### Goal of the exercise
All of the data below needs to be set down once more, exactly as written.

------ Given information ------

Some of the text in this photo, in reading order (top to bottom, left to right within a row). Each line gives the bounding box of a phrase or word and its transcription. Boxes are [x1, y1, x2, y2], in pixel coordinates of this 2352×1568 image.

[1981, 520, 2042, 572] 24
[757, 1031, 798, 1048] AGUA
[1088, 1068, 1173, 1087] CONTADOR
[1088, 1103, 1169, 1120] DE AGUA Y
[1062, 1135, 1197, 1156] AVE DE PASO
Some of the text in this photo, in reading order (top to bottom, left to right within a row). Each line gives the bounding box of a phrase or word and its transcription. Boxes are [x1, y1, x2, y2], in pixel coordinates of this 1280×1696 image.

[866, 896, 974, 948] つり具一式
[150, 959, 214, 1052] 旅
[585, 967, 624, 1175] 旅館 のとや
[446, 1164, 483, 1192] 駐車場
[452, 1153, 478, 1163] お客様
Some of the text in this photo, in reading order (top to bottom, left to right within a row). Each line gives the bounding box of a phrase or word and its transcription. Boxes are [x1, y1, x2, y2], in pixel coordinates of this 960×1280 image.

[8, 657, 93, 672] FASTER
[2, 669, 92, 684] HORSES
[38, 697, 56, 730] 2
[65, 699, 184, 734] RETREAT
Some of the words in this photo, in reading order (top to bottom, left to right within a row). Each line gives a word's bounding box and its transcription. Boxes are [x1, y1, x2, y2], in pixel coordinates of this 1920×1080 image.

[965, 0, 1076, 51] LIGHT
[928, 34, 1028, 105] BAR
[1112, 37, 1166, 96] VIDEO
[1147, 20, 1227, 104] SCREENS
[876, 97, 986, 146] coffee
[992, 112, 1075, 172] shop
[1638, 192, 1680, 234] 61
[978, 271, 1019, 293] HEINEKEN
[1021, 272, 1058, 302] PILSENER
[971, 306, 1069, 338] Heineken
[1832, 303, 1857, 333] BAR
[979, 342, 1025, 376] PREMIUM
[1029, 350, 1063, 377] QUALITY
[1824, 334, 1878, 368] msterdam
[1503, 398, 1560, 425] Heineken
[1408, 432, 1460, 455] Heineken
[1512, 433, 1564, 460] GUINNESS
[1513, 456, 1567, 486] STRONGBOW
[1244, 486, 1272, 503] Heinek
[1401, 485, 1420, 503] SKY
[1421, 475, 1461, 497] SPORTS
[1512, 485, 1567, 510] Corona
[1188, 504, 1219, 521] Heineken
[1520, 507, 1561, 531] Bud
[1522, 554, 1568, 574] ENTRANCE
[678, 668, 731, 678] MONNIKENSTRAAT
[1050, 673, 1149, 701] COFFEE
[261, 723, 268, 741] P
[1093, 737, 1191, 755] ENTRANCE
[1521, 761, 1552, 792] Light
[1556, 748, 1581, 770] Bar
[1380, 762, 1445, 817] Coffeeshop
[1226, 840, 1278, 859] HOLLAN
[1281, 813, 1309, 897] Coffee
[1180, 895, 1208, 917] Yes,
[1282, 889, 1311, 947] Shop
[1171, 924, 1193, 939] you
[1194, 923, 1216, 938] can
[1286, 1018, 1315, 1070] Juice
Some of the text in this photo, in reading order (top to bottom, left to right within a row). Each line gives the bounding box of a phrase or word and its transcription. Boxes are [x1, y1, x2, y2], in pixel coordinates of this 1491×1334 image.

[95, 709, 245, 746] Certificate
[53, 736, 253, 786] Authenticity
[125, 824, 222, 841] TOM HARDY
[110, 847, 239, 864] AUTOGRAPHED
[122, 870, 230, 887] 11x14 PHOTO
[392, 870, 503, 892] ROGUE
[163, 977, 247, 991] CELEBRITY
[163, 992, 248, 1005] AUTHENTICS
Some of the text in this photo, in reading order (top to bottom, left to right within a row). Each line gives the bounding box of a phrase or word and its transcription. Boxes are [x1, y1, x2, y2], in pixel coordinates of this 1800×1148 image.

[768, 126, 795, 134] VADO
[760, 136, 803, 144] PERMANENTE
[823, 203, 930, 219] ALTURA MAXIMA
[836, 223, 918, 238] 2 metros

------

### Exercise answer
Some of the text in this photo, in reading order (top to bottom, left to right within a row). Each line gives the bounding box of a phrase or word and its transcription. Boxes are [x1, y1, x2, y2], in pixel coordinates of this 2352×1568 image.

[1981, 520, 2042, 572] 24
[757, 1031, 798, 1048] AGUA
[1088, 1068, 1173, 1087] CONTADOR
[1088, 1103, 1169, 1120] DE AGUA Y
[1062, 1135, 1197, 1156] AVE DE PASO
Some of the text in this photo, in reading order (top to bottom, left to right within a row). Each line gives the bounding box of a phrase or word and its transcription. Boxes are [x1, y1, x2, y2], in pixel coordinates of this 1280×1696 image.

[866, 896, 974, 948] つり具一式
[150, 959, 214, 1052] 旅
[585, 967, 624, 1175] 旅館 のとや
[446, 1164, 483, 1192] 駐車場
[452, 1153, 478, 1163] お客様
Some of the text in this photo, in reading order (top to bottom, left to right within a row). Each line gives the bounding box of a phrase or word and its transcription. Boxes are [x1, y1, x2, y2], in pixel coordinates of this 960×1280 image.

[8, 657, 93, 672] FASTER
[2, 669, 92, 684] HORSES
[38, 697, 56, 730] 2
[65, 699, 184, 734] RETREAT
Some of the words in this photo, in reading order (top to bottom, left to right within a row). Each line gives a word's bounding box and its transcription. Boxes are [x1, y1, x2, y2], in pixel coordinates of this 1920×1080 image.

[965, 0, 1076, 51] LIGHT
[928, 34, 1028, 105] BAR
[1112, 37, 1166, 96] VIDEO
[1147, 20, 1227, 104] SCREENS
[876, 97, 986, 146] coffee
[992, 112, 1075, 172] shop
[1638, 192, 1680, 234] 61
[978, 271, 1019, 293] HEINEKEN
[1021, 272, 1058, 302] PILSENER
[971, 306, 1069, 338] Heineken
[1832, 303, 1857, 333] BAR
[979, 342, 1025, 376] PREMIUM
[1029, 350, 1063, 377] QUALITY
[1824, 334, 1878, 368] msterdam
[1503, 398, 1560, 425] Heineken
[1408, 432, 1460, 455] Heineken
[1512, 433, 1564, 460] GUINNESS
[1513, 456, 1567, 486] STRONGBOW
[1244, 486, 1272, 503] Heinek
[1401, 485, 1420, 503] SKY
[1421, 475, 1461, 497] SPORTS
[1512, 485, 1567, 510] Corona
[1188, 504, 1219, 521] Heineken
[1520, 507, 1561, 531] Bud
[1522, 554, 1568, 574] ENTRANCE
[678, 668, 731, 678] MONNIKENSTRAAT
[1050, 673, 1149, 701] COFFEE
[261, 723, 268, 741] P
[1093, 737, 1191, 755] ENTRANCE
[1521, 761, 1552, 792] Light
[1556, 748, 1581, 770] Bar
[1380, 762, 1445, 817] Coffeeshop
[1226, 840, 1278, 859] HOLLAN
[1281, 813, 1309, 897] Coffee
[1180, 895, 1208, 917] Yes,
[1282, 889, 1311, 947] Shop
[1171, 924, 1193, 939] you
[1194, 923, 1216, 938] can
[1286, 1018, 1315, 1070] Juice
Some of the text in this photo, in reading order (top to bottom, left to right within a row). Each line gives the bounding box of a phrase or word and its transcription. Boxes are [x1, y1, x2, y2], in pixel coordinates of this 1491×1334 image.

[95, 709, 245, 746] Certificate
[53, 736, 253, 786] Authenticity
[125, 824, 222, 841] TOM HARDY
[110, 847, 239, 864] AUTOGRAPHED
[122, 870, 230, 887] 11x14 PHOTO
[392, 870, 503, 892] ROGUE
[163, 977, 247, 991] CELEBRITY
[163, 992, 248, 1005] AUTHENTICS
Some of the text in this photo, in reading order (top to bottom, left to right within a row). Each line gives the bounding box of a phrase or word and its transcription. Boxes are [x1, y1, x2, y2], in pixel coordinates of this 1800×1148 image.

[768, 126, 795, 134] VADO
[760, 136, 803, 144] PERMANENTE
[823, 203, 930, 219] ALTURA MAXIMA
[836, 223, 918, 238] 2 metros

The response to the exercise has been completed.